Dans le courant des années 1930, dans un contexte international très tendu avec la montée des totalitarismes en Europe, apparait en France la notion de « Défense passive ». Rendue obligatoire sur l’ensemble du territoire, elle se met progressivement en place afin d’assurer au mieux la sécurité de la population française en cas de conflit armé. En quoi consiste cette Défense passive à Puteaux ? C’est ce que nous allons voir dans ce quatrième épisode.
La Défense passive, c’est quoi ?
Dans toutes les communes de plus de 2 000 habitants (il y a plus de 36 000 habitants à Puteaux à l’époque), une brigade composée de civils doit être constituée afin d’assurer la protection des populations en temps de guerre et d’annoncer un certain nombre de mesures en cas de bombardements.
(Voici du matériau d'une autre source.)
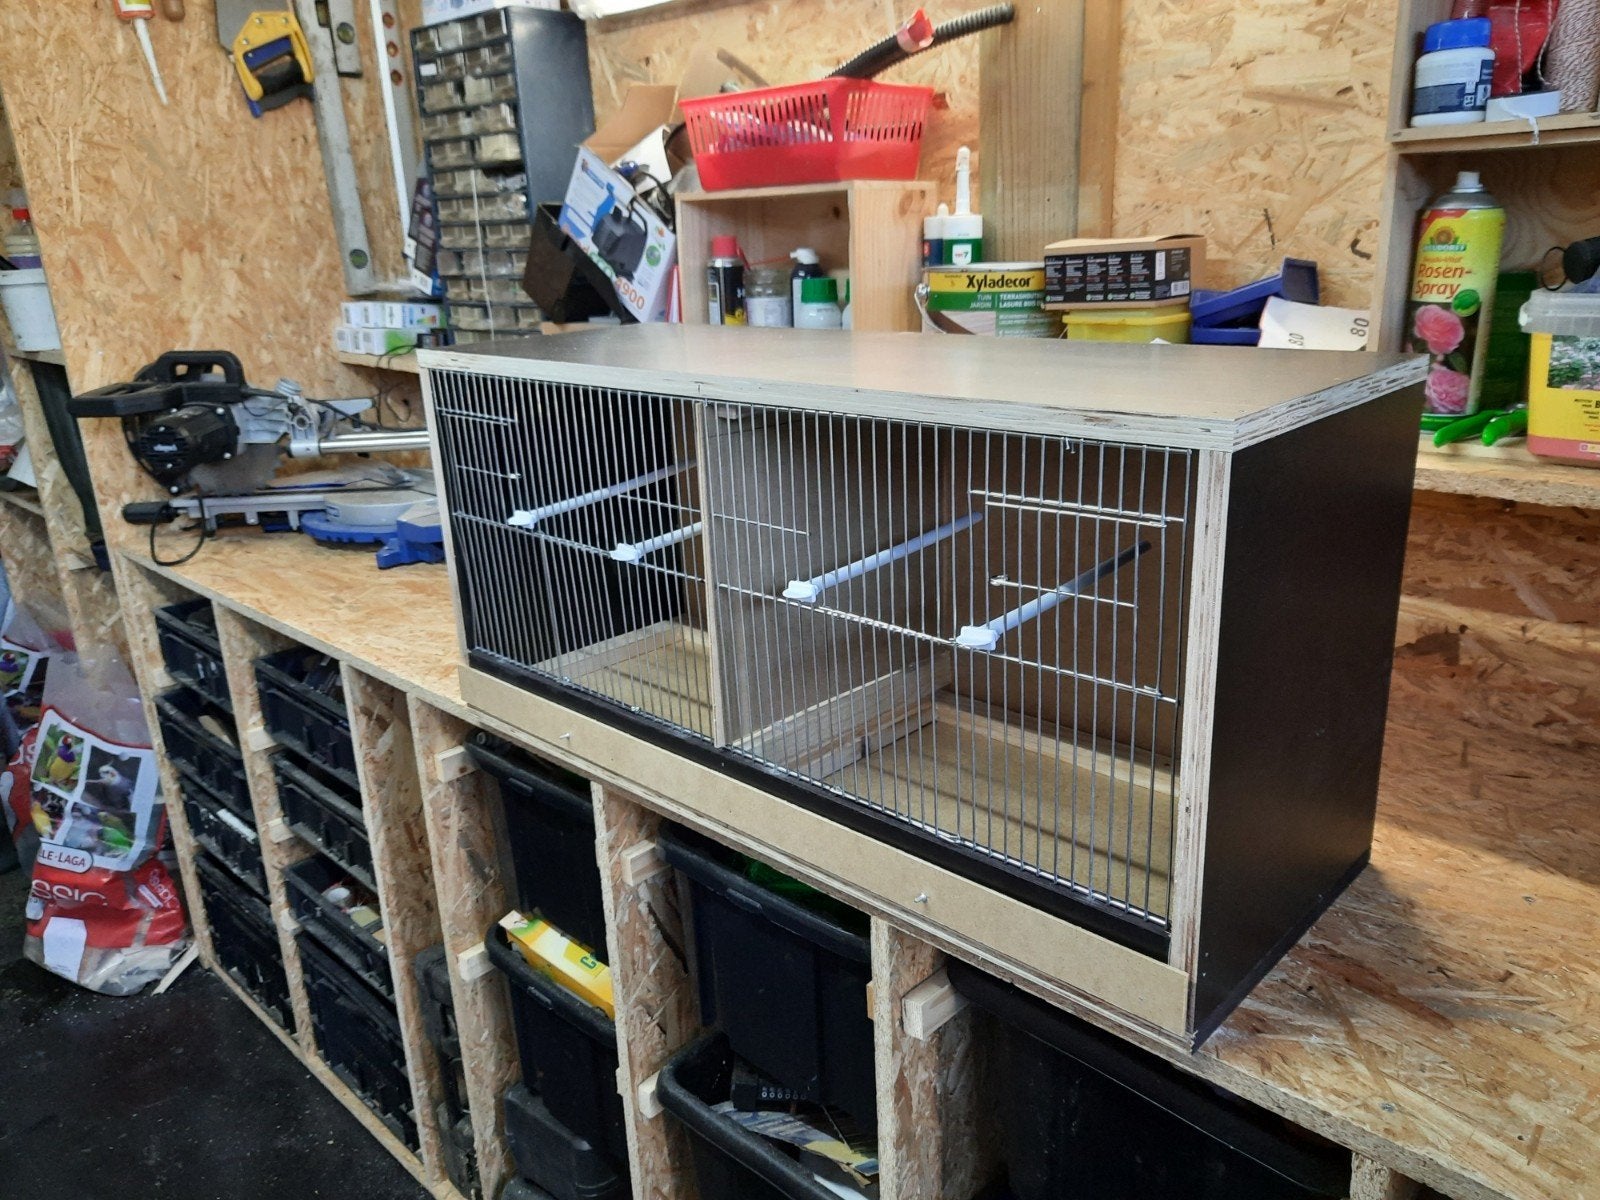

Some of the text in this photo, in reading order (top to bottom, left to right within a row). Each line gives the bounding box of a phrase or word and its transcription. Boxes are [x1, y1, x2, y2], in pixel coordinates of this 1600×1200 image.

Il s’agissait tout d’abord d’informer et de sensibiliser la population par voie d’affiches, de radio, de distribution de fascicules, d’organisation de réunions d’information ou de visites d’abris. Il y avait également des consignes sur la conduite à tenir en cas d’alerte : extinction des feux, se diriger vers l’abri le plus proche (que l’on a repéré auparavant), utiliser des moyens de protection individuel en cas d’attaque chimique. Des masques à gaz sont distribués dès 1938 à Puteaux, d’abord à titre gratuit, puis contre paiement en 1939. Suivant les directives ministérielles, les étrangers n’y ont pas droit avant qu’il soit autorisé d’en distribuer aux nationalités alliées comme les Anglais ou les Polonais. Dès la déclaration de guerre, les habitants sont priés d’avoir toujours leur masque avec eux en cas d’attaque surprise. De nombreuses publicités et manuels d’utilisation circulent sur les différents modèles de masques.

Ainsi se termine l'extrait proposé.